» **Your instructions**
Write out exactly, please, the lines from the one containing "this 1476×960 image." to the end of the material.

START Dataset entries

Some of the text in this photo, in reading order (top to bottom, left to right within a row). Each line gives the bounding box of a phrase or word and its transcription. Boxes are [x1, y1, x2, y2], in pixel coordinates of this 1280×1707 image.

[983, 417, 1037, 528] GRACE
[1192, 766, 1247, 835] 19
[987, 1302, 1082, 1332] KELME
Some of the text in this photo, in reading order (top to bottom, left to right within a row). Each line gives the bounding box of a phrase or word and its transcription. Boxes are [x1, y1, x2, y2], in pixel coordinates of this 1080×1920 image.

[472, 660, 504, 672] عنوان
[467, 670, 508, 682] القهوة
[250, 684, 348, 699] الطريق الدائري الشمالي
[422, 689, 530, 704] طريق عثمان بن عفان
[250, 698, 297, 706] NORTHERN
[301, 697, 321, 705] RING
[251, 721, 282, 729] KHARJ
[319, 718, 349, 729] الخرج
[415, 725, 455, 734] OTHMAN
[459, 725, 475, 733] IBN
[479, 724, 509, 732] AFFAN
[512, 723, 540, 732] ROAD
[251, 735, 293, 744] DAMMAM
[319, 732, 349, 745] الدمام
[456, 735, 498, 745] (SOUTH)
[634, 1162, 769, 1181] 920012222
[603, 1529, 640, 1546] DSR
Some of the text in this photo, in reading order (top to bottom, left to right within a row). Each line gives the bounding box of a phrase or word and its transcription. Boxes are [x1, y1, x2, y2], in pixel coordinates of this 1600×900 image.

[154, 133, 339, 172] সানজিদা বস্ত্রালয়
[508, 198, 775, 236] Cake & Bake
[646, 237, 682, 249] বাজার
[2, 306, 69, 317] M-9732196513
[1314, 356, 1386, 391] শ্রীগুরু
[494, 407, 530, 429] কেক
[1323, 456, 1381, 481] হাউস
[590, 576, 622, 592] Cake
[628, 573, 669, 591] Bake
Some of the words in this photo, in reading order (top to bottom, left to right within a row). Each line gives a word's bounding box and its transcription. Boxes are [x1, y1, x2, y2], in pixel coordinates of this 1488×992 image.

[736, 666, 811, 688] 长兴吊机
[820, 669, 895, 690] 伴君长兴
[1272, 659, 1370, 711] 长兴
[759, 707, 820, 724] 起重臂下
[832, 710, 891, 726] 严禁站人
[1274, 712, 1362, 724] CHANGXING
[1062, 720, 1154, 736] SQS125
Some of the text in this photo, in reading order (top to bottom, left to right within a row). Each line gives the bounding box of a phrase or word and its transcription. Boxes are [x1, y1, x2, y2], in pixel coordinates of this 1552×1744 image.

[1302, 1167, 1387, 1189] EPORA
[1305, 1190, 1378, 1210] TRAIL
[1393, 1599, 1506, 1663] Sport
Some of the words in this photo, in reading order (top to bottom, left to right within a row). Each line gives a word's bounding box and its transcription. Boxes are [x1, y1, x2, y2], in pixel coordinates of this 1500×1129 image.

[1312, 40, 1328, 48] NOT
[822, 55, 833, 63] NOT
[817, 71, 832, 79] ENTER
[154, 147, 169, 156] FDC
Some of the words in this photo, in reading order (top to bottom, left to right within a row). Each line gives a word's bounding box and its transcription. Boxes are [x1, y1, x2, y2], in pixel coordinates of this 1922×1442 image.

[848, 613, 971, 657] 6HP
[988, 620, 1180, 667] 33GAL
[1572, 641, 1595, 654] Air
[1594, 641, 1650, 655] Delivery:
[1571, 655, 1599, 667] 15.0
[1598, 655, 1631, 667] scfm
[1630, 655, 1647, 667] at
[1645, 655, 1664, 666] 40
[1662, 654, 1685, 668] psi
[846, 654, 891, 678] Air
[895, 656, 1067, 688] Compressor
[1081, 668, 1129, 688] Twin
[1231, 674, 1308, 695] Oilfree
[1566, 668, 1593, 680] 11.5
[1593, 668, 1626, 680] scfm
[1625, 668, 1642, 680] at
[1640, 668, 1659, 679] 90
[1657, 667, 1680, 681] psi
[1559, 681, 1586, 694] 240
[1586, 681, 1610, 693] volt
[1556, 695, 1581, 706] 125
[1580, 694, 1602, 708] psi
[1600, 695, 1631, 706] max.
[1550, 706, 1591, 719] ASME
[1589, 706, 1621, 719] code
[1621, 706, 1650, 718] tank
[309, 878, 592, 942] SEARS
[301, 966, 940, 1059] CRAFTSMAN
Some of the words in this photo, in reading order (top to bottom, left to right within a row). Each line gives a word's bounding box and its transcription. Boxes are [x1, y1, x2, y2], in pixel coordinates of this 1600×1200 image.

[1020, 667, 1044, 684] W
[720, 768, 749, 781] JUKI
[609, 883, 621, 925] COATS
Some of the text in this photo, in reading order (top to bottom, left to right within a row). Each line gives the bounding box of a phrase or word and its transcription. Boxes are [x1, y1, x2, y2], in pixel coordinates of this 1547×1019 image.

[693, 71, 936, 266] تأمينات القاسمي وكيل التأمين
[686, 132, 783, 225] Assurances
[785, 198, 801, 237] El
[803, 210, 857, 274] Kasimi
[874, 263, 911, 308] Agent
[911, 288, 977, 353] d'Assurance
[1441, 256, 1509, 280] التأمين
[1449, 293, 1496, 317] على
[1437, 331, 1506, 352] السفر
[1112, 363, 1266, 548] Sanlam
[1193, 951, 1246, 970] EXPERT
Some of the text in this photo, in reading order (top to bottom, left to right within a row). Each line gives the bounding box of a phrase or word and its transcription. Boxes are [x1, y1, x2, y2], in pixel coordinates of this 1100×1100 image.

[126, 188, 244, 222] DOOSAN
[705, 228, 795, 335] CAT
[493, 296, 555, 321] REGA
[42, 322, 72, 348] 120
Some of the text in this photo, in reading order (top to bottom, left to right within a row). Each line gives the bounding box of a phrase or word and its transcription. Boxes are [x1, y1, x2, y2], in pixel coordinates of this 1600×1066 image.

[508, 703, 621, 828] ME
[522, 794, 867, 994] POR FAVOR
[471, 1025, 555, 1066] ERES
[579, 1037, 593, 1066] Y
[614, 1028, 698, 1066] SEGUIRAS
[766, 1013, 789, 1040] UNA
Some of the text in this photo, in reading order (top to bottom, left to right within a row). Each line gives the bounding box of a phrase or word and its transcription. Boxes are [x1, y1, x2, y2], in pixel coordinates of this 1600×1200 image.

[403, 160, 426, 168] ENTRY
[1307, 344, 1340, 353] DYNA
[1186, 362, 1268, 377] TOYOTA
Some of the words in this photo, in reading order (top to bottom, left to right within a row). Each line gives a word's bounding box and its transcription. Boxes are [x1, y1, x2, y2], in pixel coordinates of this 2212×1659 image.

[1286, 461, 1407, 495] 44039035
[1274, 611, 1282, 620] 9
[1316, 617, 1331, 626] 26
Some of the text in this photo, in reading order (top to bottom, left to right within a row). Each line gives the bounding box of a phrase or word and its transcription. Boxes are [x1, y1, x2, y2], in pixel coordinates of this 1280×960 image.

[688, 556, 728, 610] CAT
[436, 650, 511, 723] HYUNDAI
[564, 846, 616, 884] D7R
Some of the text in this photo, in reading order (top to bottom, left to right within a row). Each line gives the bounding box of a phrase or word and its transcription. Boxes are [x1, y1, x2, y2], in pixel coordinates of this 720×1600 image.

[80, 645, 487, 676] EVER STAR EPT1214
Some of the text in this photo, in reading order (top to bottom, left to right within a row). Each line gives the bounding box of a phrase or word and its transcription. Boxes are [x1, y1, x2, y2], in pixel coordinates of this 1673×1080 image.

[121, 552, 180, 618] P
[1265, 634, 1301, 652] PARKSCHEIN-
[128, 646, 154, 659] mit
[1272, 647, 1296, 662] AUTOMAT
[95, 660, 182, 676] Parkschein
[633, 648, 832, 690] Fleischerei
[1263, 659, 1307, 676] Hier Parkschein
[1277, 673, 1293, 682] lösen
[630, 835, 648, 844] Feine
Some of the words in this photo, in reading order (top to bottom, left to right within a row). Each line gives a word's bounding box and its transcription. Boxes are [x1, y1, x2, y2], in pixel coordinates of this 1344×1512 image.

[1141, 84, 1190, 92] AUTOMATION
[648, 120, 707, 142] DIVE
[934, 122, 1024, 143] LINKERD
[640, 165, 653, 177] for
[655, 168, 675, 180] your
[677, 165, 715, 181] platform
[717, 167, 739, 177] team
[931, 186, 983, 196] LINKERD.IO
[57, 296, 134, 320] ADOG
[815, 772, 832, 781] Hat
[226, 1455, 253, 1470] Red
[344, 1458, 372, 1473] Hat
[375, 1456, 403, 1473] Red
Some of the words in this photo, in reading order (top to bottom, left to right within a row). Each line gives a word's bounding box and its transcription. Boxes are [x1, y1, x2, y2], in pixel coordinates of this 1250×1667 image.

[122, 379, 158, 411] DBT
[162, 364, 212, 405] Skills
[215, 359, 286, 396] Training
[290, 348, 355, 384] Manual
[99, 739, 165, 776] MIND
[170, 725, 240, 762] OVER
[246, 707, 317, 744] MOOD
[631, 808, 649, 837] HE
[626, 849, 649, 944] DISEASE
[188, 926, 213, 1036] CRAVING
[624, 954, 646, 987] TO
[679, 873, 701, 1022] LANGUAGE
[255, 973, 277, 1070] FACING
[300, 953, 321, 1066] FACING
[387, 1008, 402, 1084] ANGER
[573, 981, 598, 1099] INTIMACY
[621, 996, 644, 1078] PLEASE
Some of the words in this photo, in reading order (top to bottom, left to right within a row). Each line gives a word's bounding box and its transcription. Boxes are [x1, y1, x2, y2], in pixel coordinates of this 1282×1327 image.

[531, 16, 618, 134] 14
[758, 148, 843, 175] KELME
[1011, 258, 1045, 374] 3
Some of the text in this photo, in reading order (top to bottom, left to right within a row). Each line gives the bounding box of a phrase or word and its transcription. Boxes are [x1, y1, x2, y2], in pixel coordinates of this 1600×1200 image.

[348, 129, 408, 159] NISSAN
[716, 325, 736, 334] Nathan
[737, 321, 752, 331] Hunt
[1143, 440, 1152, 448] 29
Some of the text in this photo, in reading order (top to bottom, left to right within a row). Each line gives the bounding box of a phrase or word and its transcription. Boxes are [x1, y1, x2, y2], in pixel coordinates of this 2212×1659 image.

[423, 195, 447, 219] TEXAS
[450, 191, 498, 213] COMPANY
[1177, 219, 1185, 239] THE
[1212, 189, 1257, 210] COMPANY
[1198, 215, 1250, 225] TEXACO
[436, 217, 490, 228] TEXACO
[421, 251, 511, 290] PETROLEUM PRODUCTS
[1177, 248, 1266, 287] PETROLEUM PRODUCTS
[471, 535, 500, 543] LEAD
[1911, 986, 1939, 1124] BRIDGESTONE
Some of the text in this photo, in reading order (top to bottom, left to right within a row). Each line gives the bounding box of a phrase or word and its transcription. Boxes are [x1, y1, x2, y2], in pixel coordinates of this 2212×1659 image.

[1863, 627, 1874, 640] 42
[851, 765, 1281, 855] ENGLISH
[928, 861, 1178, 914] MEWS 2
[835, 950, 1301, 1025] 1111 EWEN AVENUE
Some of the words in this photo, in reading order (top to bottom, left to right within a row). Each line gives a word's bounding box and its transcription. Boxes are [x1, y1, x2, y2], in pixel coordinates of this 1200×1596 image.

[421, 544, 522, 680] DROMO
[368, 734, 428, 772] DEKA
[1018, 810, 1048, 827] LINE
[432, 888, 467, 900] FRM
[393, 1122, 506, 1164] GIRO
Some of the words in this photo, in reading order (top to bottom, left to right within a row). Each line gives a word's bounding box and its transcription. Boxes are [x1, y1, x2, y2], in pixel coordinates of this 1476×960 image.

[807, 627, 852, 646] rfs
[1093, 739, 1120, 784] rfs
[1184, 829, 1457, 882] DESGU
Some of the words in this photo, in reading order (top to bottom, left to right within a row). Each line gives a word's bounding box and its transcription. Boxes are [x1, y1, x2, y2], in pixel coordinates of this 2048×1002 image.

END Dataset entries

» **Answer**
Some of the words in this photo, in reading order (top to bottom, left to right within a row). Each line gives a word's bounding box and its transcription. Boxes are [x1, y1, x2, y2], in pixel coordinates of this 1476×960 image.

[807, 627, 852, 646] rfs
[1093, 739, 1120, 784] rfs
[1184, 829, 1457, 882] DESGU
Some of the words in this photo, in reading order (top to bottom, left to right within a row). Each line gives a word's bounding box and its transcription. Boxes are [x1, y1, x2, y2], in pixel coordinates of this 2048×1002 image.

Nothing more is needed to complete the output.